The present study had some limitations. First, the analysis was based on data from a retrospective chart review. In addition, there may have been selection bias because the treatments depend on the tear condition of the cartilage. To confirm the effects of arthroscopic debridement, a randomized prospective controlled design will be needed to ensure the preoperative data is collected in a standard manner. Second, the small sample size could have limited the statistical power.

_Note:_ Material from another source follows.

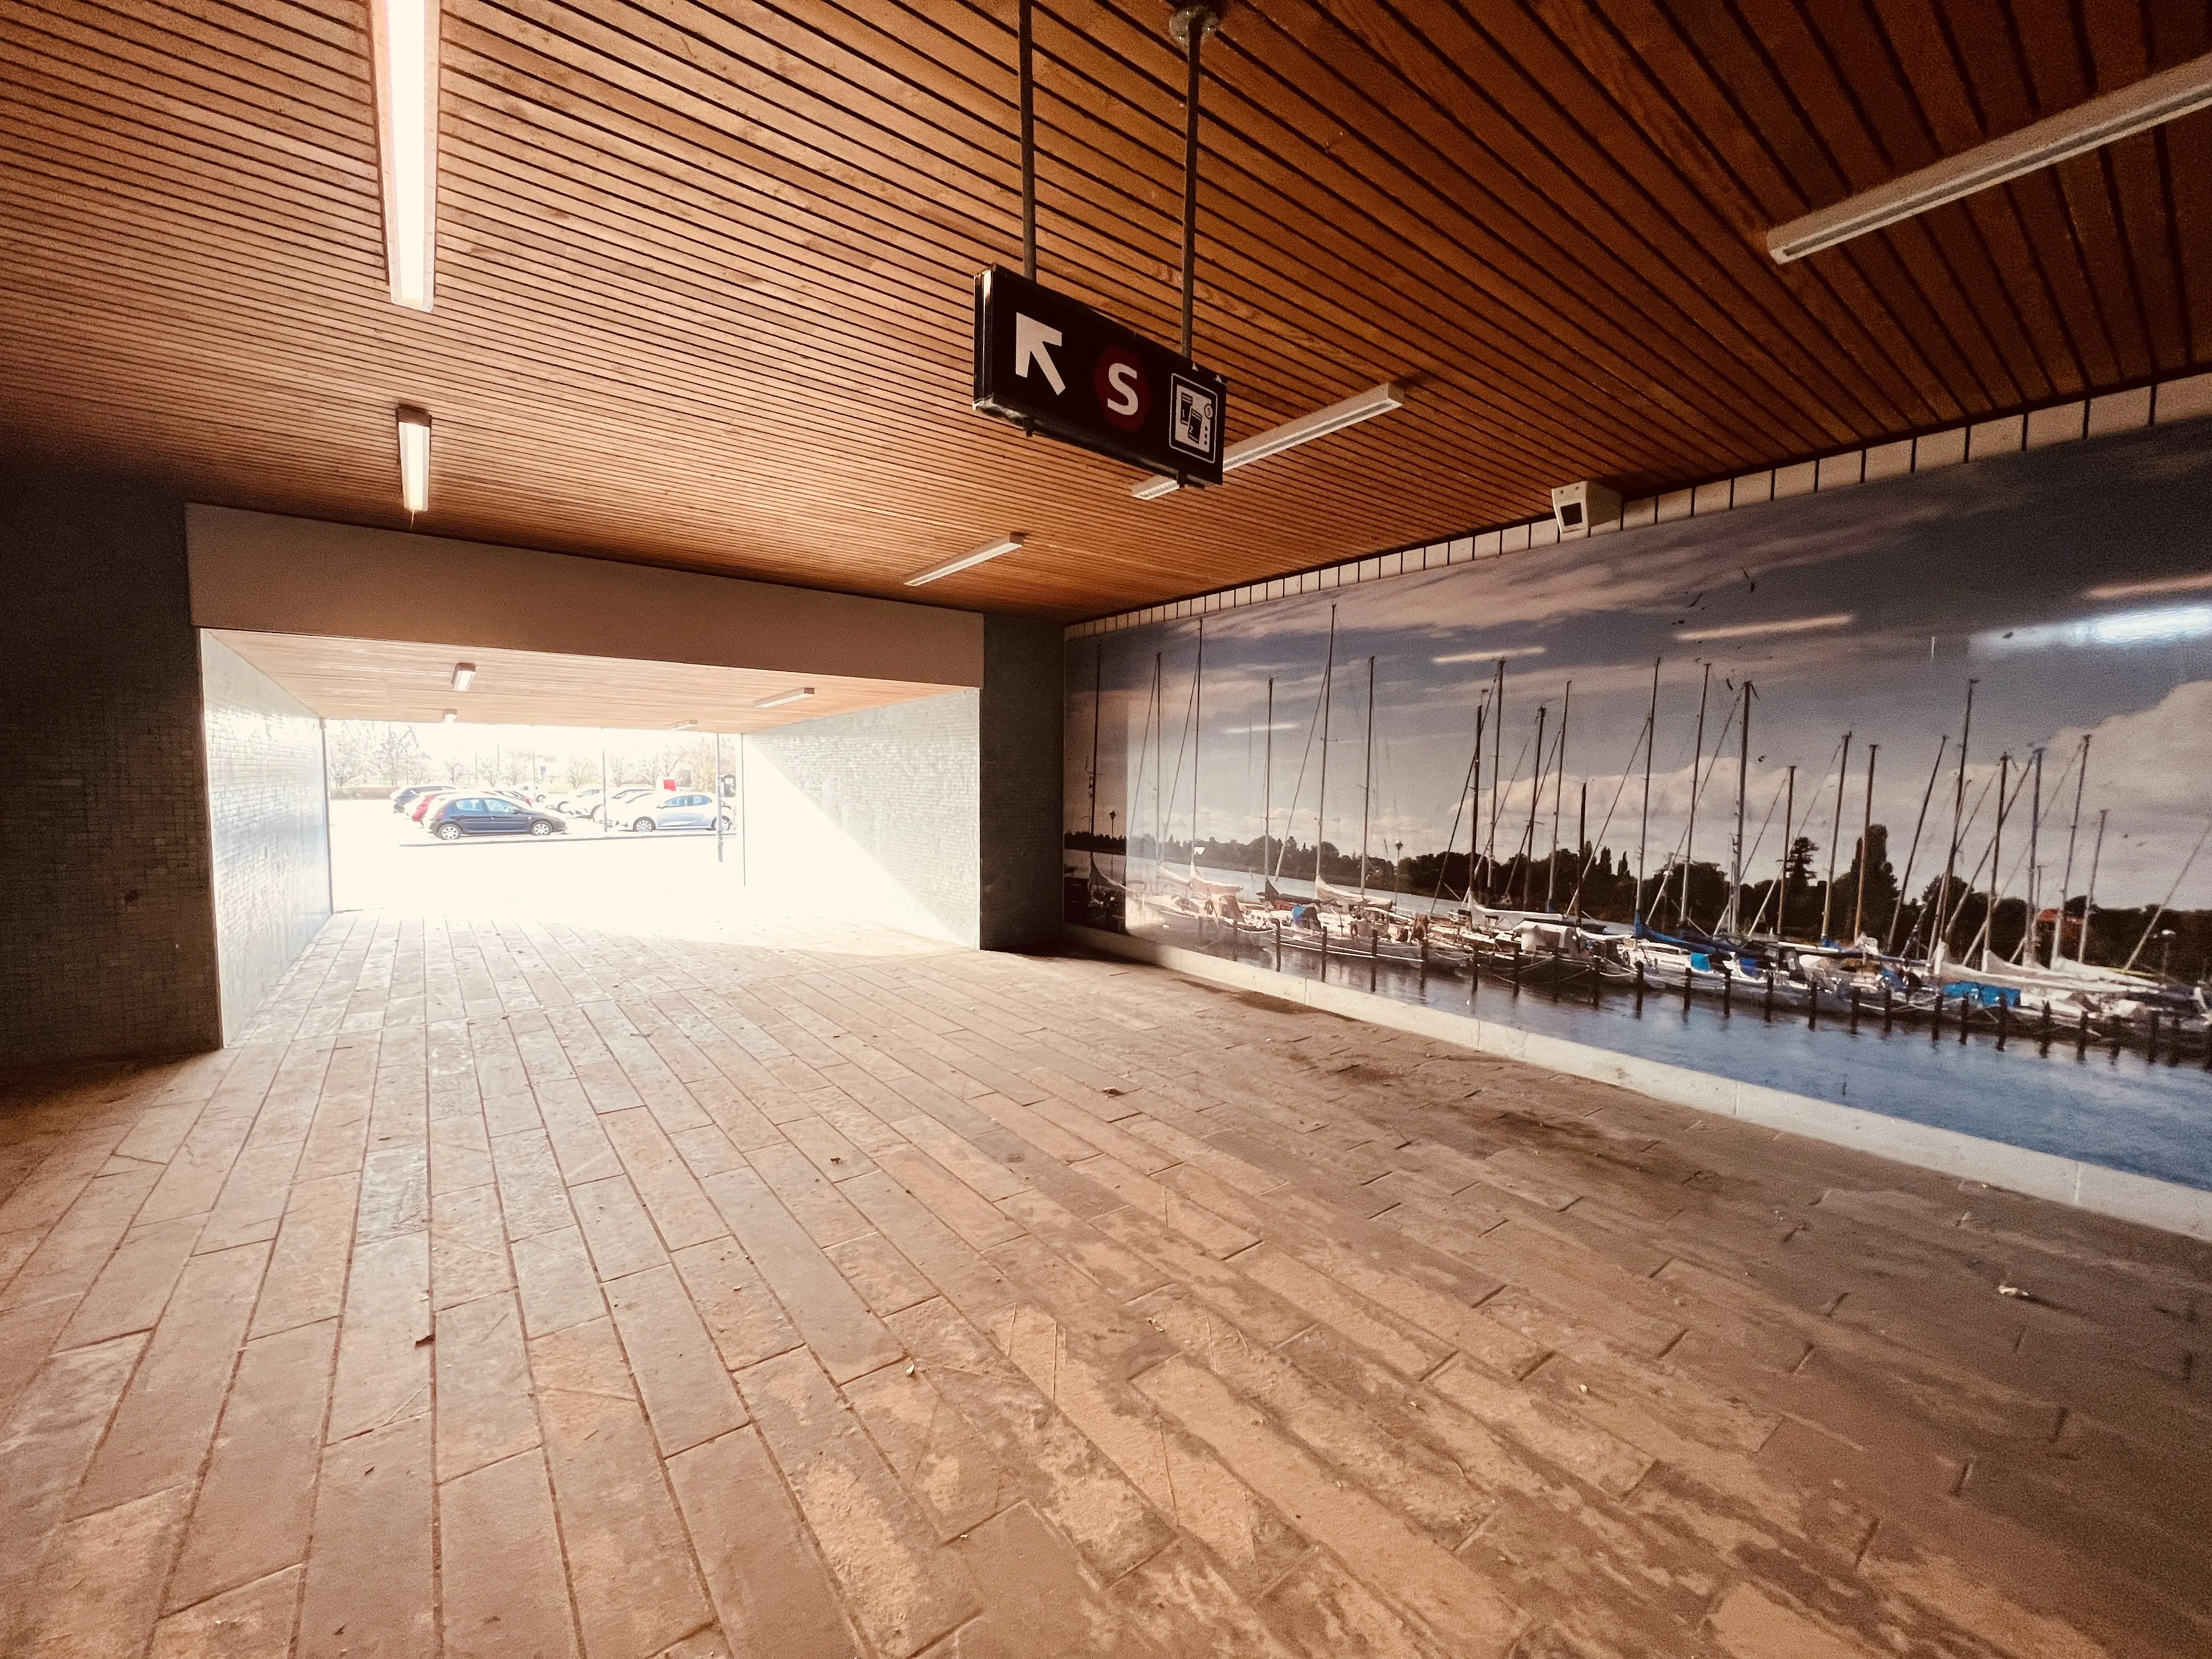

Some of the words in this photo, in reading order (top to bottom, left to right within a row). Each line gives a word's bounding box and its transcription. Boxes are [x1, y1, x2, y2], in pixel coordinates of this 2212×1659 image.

[1108, 363, 1138, 415] S
[1182, 409, 1185, 417] 1
[1189, 425, 1193, 434] 2
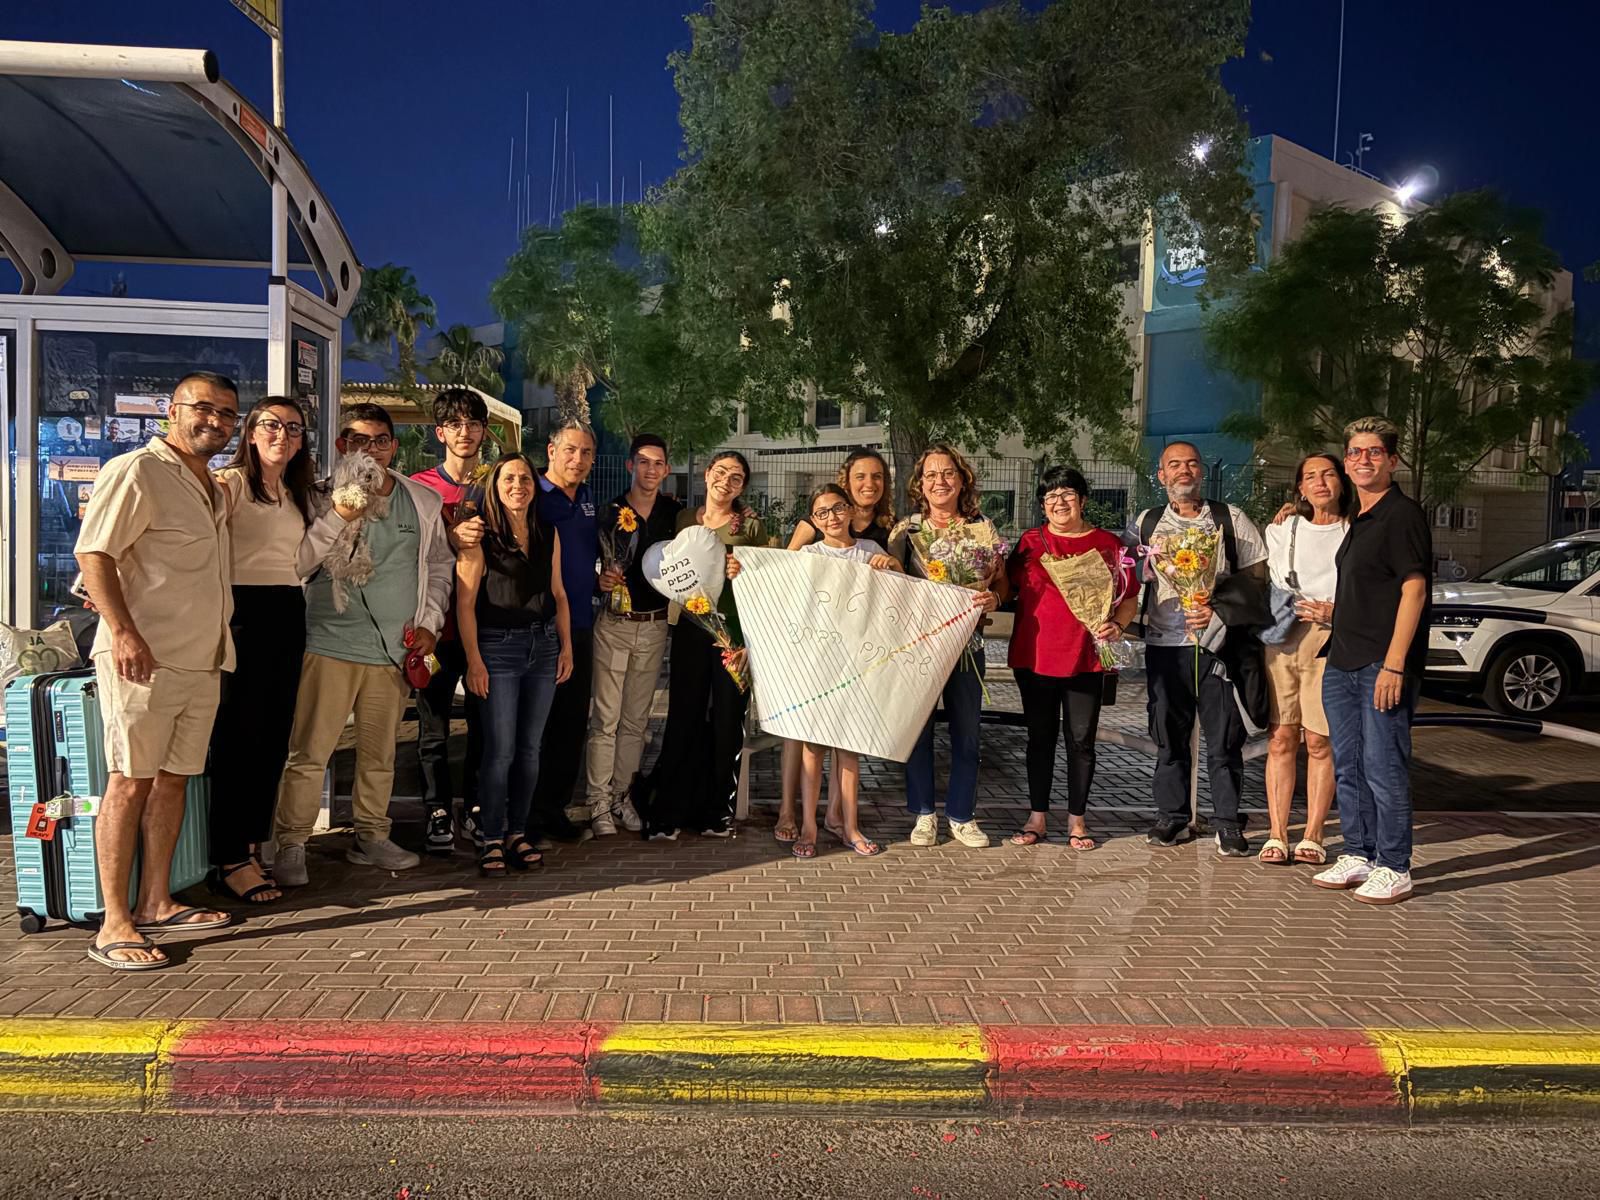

Finally, whether or not tears of the disc had healed is unclear because second look arthroscopy was not performed in most patients.
This study also found a positive correlation between the Chun and Palmer's wrist score, modified Mayo wrist score and DASH. In this study, the workers compensation patients included 3 cases, (2 in group A and 1 in group B). The results of these cases were good in 2 cases and fair in 1.
Iwasaki et al.19) reported that the long duration of symptoms and worker's compensation predicted a poorer clinical score. In this study, the duration of symptoms was similar in groups A and B. In addition, the correlation between the duration of symptoms and the clinical score was not significant.
In summary, both USO alone and combined arthroscopic TFCC debridement with USO improved the wrist function and reduced the level of pain in the patients treated for ulnar impaction syndrome. The clinical outcomes do not differ between USO alone and combined arthroscopic TFCC debridement with USO. USO alone may be the preferred method of treatment in patients if the torn flap of the TFCC is not unstable.